Start of Supplied material
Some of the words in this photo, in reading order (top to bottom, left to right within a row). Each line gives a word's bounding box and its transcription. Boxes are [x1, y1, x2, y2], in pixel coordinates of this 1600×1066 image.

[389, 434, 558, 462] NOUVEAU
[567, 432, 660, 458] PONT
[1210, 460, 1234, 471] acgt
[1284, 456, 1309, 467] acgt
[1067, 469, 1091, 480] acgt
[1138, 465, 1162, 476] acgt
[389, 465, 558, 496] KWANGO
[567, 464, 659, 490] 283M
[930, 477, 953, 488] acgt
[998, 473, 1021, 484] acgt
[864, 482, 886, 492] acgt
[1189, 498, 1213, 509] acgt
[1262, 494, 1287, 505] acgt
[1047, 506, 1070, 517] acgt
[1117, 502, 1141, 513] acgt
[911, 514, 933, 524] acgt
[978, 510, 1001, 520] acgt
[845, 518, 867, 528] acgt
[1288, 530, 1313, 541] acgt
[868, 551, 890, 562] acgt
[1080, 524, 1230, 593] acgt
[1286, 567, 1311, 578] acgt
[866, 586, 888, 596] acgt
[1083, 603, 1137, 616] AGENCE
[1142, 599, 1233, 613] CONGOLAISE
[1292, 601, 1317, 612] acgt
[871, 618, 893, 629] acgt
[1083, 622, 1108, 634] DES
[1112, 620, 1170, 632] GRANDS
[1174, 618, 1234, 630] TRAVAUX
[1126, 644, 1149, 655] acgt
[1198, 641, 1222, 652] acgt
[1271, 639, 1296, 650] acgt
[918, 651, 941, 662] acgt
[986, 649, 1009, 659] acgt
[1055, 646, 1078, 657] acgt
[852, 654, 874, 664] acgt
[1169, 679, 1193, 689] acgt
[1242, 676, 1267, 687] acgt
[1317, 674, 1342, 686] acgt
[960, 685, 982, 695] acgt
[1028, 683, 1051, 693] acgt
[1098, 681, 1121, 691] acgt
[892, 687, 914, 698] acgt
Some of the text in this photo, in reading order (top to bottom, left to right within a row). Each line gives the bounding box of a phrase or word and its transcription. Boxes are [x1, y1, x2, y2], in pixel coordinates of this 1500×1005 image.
End of Supplied material
Problem to work on
Would you transcribe the entries above exactly as they appear?

Written answer
Some of the words in this photo, in reading order (top to bottom, left to right within a row). Each line gives a word's bounding box and its transcription. Boxes are [x1, y1, x2, y2], in pixel coordinates of this 1600×1066 image.

[389, 434, 558, 462] NOUVEAU
[567, 432, 660, 458] PONT
[1210, 460, 1234, 471] acgt
[1284, 456, 1309, 467] acgt
[1067, 469, 1091, 480] acgt
[1138, 465, 1162, 476] acgt
[389, 465, 558, 496] KWANGO
[567, 464, 659, 490] 283M
[930, 477, 953, 488] acgt
[998, 473, 1021, 484] acgt
[864, 482, 886, 492] acgt
[1189, 498, 1213, 509] acgt
[1262, 494, 1287, 505] acgt
[1047, 506, 1070, 517] acgt
[1117, 502, 1141, 513] acgt
[911, 514, 933, 524] acgt
[978, 510, 1001, 520] acgt
[845, 518, 867, 528] acgt
[1288, 530, 1313, 541] acgt
[868, 551, 890, 562] acgt
[1080, 524, 1230, 593] acgt
[1286, 567, 1311, 578] acgt
[866, 586, 888, 596] acgt
[1083, 603, 1137, 616] AGENCE
[1142, 599, 1233, 613] CONGOLAISE
[1292, 601, 1317, 612] acgt
[871, 618, 893, 629] acgt
[1083, 622, 1108, 634] DES
[1112, 620, 1170, 632] GRANDS
[1174, 618, 1234, 630] TRAVAUX
[1126, 644, 1149, 655] acgt
[1198, 641, 1222, 652] acgt
[1271, 639, 1296, 650] acgt
[918, 651, 941, 662] acgt
[986, 649, 1009, 659] acgt
[1055, 646, 1078, 657] acgt
[852, 654, 874, 664] acgt
[1169, 679, 1193, 689] acgt
[1242, 676, 1267, 687] acgt
[1317, 674, 1342, 686] acgt
[960, 685, 982, 695] acgt
[1028, 683, 1051, 693] acgt
[1098, 681, 1121, 691] acgt
[892, 687, 914, 698] acgt
Some of the text in this photo, in reading order (top to bottom, left to right within a row). Each line gives the bounding box of a phrase or word and its transcription. Boxes are [x1, y1, x2, y2], in pixel coordinates of this 1500×1005 image.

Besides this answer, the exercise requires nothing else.